In our interview, Florida shies away from making the abandonment argument as forthrightly. He tells me his Atlantic piece was the "best thing I've ever done" but backs away from it under questioning. "I'm not saying abandon these places," he says. "I'm saying, number one, invest in their assets, number two, invest in their connective fiber" to other cities. He is an advocate of building high-speed rail to link cities like Detroit, Buffalo, and Milwaukee to Chicago and Toronto. What he really opposes, he says, is propping up industries like auto manufacturing. He recognizes that expecting people to leave home for his creative hubs is "gut wrenching" and laments the "massive geographic inequality" that will result.

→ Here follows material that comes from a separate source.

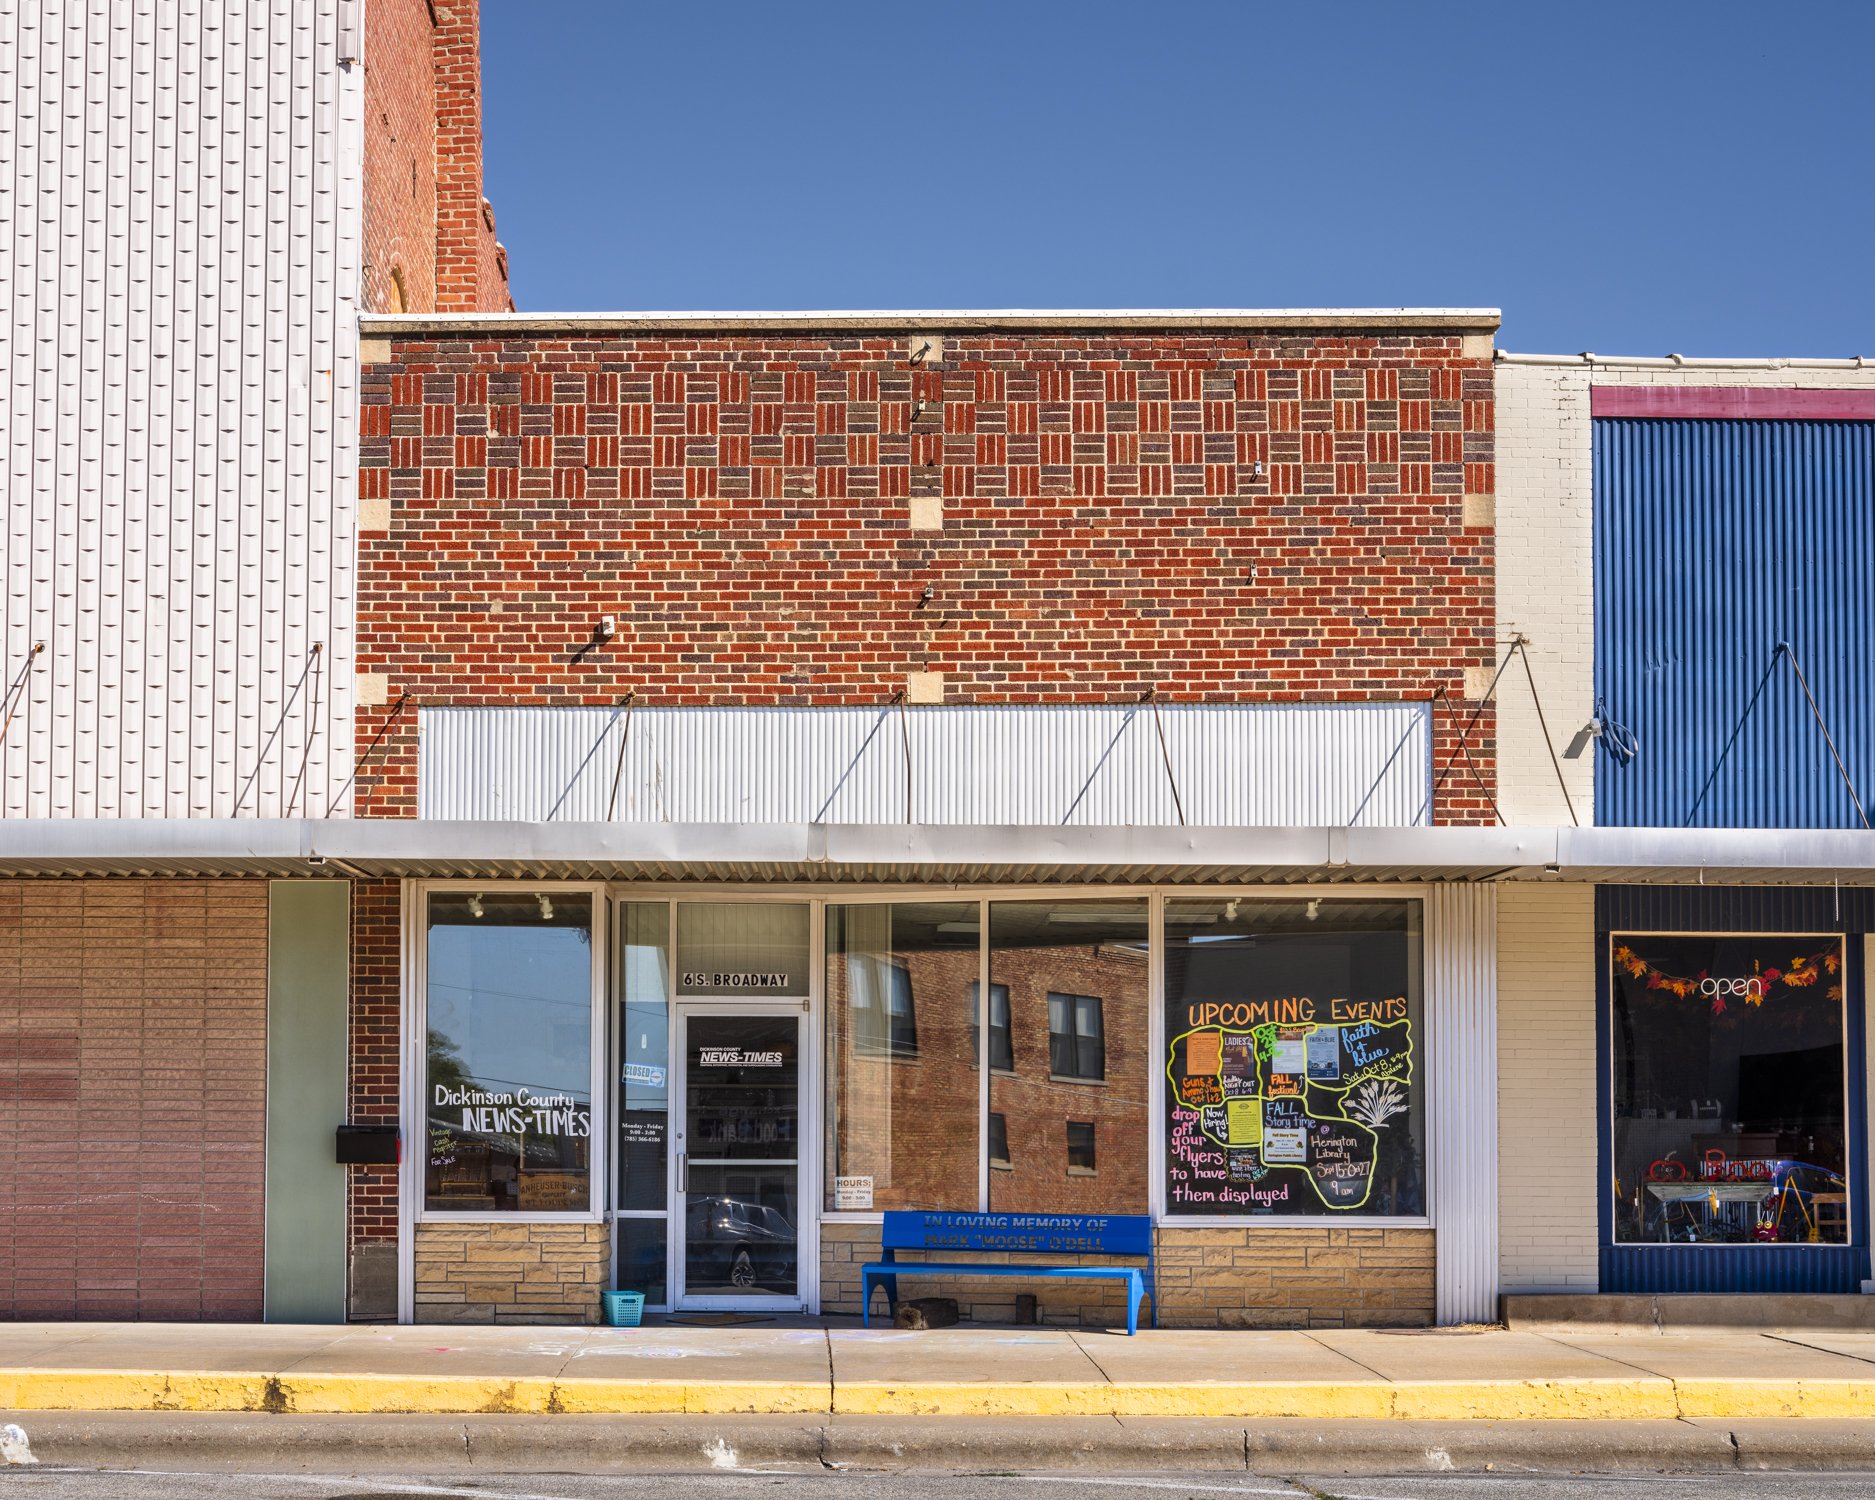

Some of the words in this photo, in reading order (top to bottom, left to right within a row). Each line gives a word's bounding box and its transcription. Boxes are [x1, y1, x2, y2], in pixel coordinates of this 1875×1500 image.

But that is not what he has been arguing in his writing, which has very forcefully made the case for redoubling the flow of talent and investment to creative centers. As he wrote in The Atlantic, "We can't stop the decline of some places." That does not sound like a call for a multibillion-dollar rail project in Michigan. ...
After the Atlantic cover story appeared, Florida was a guest on National Public Radio's Talk of the Nation. Tessa from Detroit called in: "My neighborhood is really disappearing," she says. "I would love to hear some comments from your guest about what's going to happen to my neighborhood. What are his predictions? ... Do we get out? Do we stay?"
Florida assured Tessa that Detroit's plight "is not something I'm particularly happy about." He told her his wife is from Detroit. And then he told her that his friends who live in Detroit are making it as "freelancers" who "commute on an irregular basis" to work on projects somewhere else. He had recently given a speech to Detroit airport officials, who told him that the airport would remain viable. "That airport provides connective fiber," he told her. "Finding local employment is going to be a lot harder. So you either have to say, can I commute to work, by plane perhaps, or do I have to look for a place that has a better set of opportunities for me?"
There was no way to know if the answer was satisfactory: Tessa from Detroit was off the air.